(Dataset excerpts)
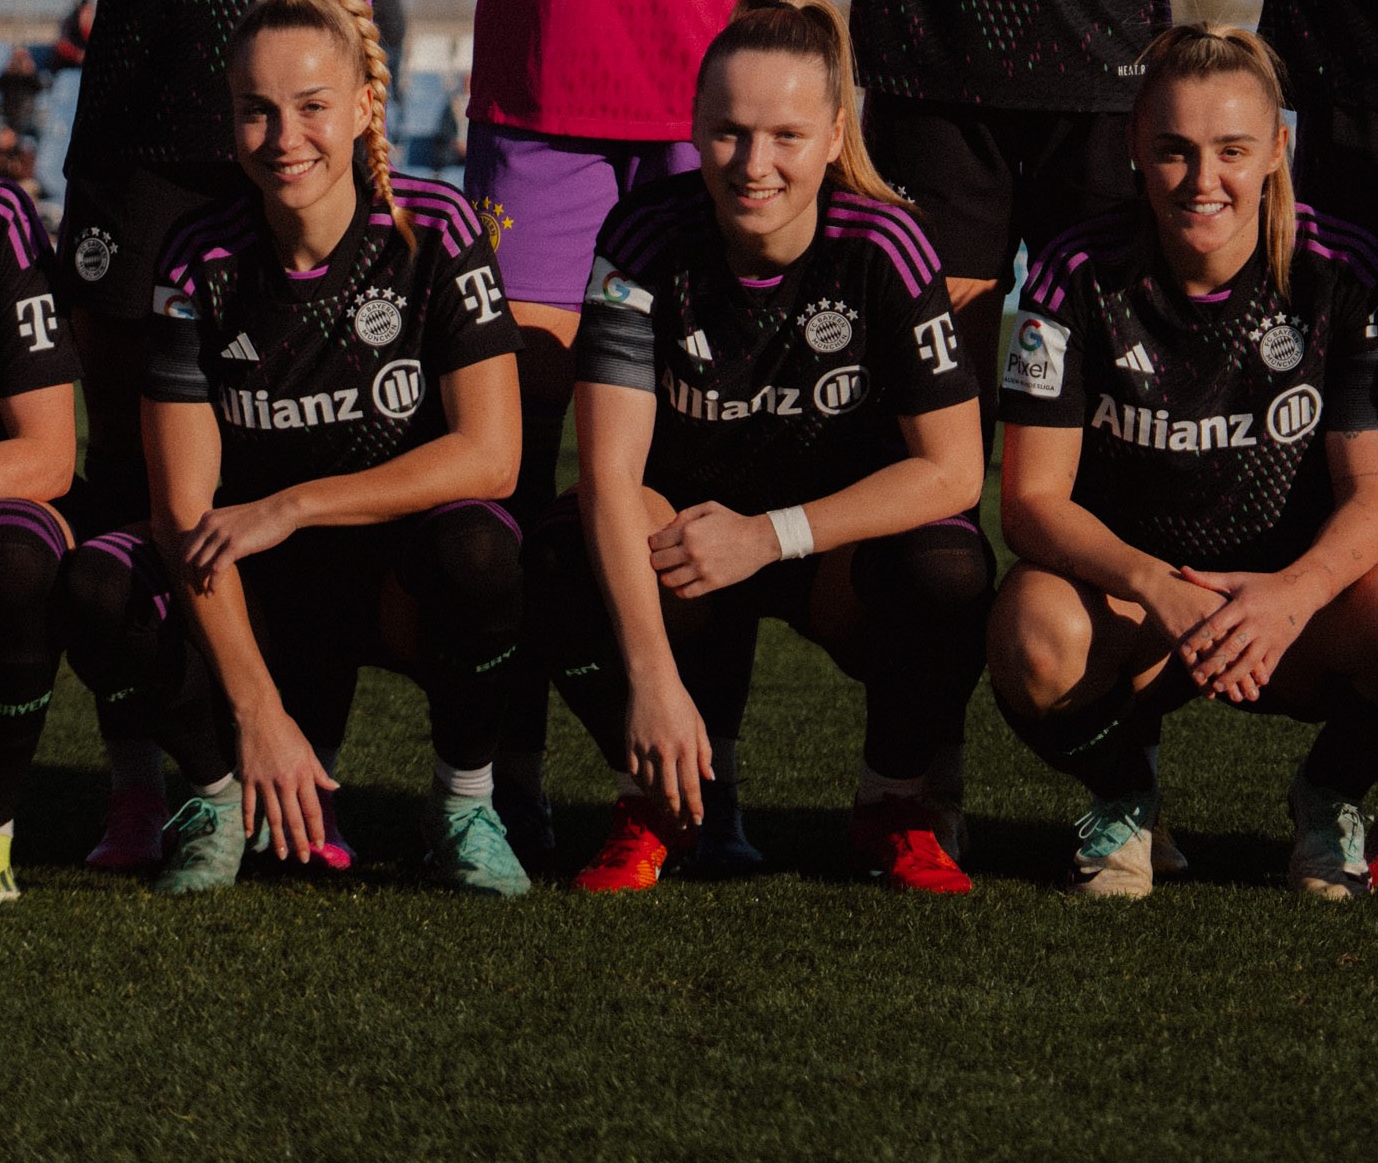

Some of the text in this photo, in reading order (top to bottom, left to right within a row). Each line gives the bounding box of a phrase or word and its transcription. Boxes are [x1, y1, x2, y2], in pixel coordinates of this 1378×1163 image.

[16, 293, 58, 353] T
[366, 303, 395, 317] BAYERN
[455, 265, 502, 325] T
[817, 315, 847, 330] BAYERN
[913, 311, 958, 376] T
[1007, 352, 1049, 380] Pixel
[660, 366, 803, 422] Allianz
[1090, 393, 1258, 452] Allianz

What you should do: Do not include images; quote all of the entries above exactly.

Written answer:
Some of the text in this photo, in reading order (top to bottom, left to right within a row). Each line gives the bounding box of a phrase or word and its transcription. Boxes are [x1, y1, x2, y2], in pixel coordinates of this 1378×1163 image.

[16, 293, 58, 353] T
[366, 303, 395, 317] BAYERN
[455, 265, 502, 325] T
[817, 315, 847, 330] BAYERN
[913, 311, 958, 376] T
[1007, 352, 1049, 380] Pixel
[660, 366, 803, 422] Allianz
[1090, 393, 1258, 452] Allianz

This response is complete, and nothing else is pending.